禅師の君と四方山話のついでに尼君の元に立ち寄ったことなどそれとなく水を向けて聞き出そうと試みる。
「妹尼君は昔から穏やかな御方であったが、遁世されて静かに暮らしていられる御姿が慎ましくてしみじみとしたよ。亡き妻が生きてくれていたらまだ母上と呼べたものを」
「尼君さまはお越しを喜ばれたでしょうね。姫を亡くされてもう五年になりましょうか。兄上は幸せだった頃の思い出を共有なさる方ですから」
「うむ。姫といえば驚いたことに若い女人の姿があってな。御簾が風でまくりあがった拍子に後姿ばかりだが見えたのだが」
「おや、本当のところはそれをお聞きになりたかったか」
「いや、好き好きしい心からではないよ。尼君しかおらぬと思うていたところに髪の豊かな美しげな人があれば驚くであろう。いったいどのような素性の姫なのか?」
「私はお会いしたことはございませんし、ほのかに聞いたばかりですが、この春頃に初瀬詣での帰途に宇治にて行き倒れていたところを僧都に救われたのだとか」
「なんと、うら若き姫が行き倒れていたというのか?」
「はい。不思議な話でしてどうやら物の怪に拐わかされてきたようでございます」
妖に魅入られるとはやはりそれほど麗しい女人であったかよ、と中将の胸はざわめきを抑えられません。

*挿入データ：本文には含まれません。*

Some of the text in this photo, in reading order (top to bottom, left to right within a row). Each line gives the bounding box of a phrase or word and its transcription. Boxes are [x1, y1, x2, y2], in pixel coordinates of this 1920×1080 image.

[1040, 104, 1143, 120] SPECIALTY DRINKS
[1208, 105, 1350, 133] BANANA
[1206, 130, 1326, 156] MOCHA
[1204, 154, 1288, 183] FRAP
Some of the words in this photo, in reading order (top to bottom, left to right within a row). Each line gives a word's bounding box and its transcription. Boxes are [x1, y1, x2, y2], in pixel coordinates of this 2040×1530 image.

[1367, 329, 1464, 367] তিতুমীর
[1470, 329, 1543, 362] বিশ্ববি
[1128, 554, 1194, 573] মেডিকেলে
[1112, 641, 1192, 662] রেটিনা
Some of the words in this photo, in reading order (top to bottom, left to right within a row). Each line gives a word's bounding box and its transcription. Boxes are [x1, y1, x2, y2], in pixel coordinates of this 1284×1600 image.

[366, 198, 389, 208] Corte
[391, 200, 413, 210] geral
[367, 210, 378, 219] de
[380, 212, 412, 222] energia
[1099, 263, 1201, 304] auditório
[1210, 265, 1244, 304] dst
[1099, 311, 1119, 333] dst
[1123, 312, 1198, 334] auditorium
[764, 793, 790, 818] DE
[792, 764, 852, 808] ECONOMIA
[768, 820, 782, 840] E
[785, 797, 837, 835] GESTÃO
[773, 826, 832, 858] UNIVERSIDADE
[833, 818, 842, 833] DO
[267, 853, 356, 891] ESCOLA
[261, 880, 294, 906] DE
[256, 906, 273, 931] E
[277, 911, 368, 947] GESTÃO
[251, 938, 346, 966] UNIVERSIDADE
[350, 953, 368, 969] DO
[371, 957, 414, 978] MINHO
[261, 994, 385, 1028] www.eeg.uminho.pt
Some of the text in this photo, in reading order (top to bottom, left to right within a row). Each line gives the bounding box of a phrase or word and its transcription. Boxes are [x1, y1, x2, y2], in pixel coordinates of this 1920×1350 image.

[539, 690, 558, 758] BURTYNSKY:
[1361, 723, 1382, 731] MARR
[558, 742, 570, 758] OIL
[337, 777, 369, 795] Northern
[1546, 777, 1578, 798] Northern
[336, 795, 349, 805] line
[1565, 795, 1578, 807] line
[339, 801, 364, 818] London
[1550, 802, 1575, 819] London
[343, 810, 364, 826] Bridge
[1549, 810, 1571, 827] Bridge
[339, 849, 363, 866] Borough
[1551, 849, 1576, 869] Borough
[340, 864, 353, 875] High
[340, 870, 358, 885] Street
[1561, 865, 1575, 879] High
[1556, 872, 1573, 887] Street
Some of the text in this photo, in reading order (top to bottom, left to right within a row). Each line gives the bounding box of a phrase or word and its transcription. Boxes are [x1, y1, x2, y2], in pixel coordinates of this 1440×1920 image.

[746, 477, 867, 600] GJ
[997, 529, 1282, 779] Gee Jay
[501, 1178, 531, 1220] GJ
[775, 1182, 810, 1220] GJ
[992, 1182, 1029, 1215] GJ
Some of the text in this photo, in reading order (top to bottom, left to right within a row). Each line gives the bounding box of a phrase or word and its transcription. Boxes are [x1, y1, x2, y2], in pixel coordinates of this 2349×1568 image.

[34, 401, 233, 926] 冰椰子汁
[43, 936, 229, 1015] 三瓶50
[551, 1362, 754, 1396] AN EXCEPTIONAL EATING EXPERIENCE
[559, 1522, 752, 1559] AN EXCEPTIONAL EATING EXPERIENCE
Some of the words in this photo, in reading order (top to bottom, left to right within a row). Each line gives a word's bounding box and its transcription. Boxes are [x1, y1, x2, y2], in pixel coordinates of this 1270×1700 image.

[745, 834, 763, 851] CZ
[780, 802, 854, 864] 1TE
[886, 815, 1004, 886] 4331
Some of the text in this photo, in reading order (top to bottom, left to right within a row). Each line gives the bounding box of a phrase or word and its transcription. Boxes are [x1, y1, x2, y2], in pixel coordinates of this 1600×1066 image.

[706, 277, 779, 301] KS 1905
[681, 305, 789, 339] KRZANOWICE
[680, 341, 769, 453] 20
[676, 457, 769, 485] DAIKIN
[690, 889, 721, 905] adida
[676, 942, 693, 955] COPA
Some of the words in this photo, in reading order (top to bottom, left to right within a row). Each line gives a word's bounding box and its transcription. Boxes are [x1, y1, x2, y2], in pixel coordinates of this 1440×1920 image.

「ちらと見かけただけだが、なるほど言われるとおりの器量であろうよ。しかしながらあのように尼に交じっていられるといつしか女人らしさも失われるのではあるまいか。若い身空には気の毒なこと」
禅師の君は兄が並々ならぬ関心を持っているのだと気づきましたが、こればかりは宿縁ゆえ肯定とも否定ともせずに何度か頷きました。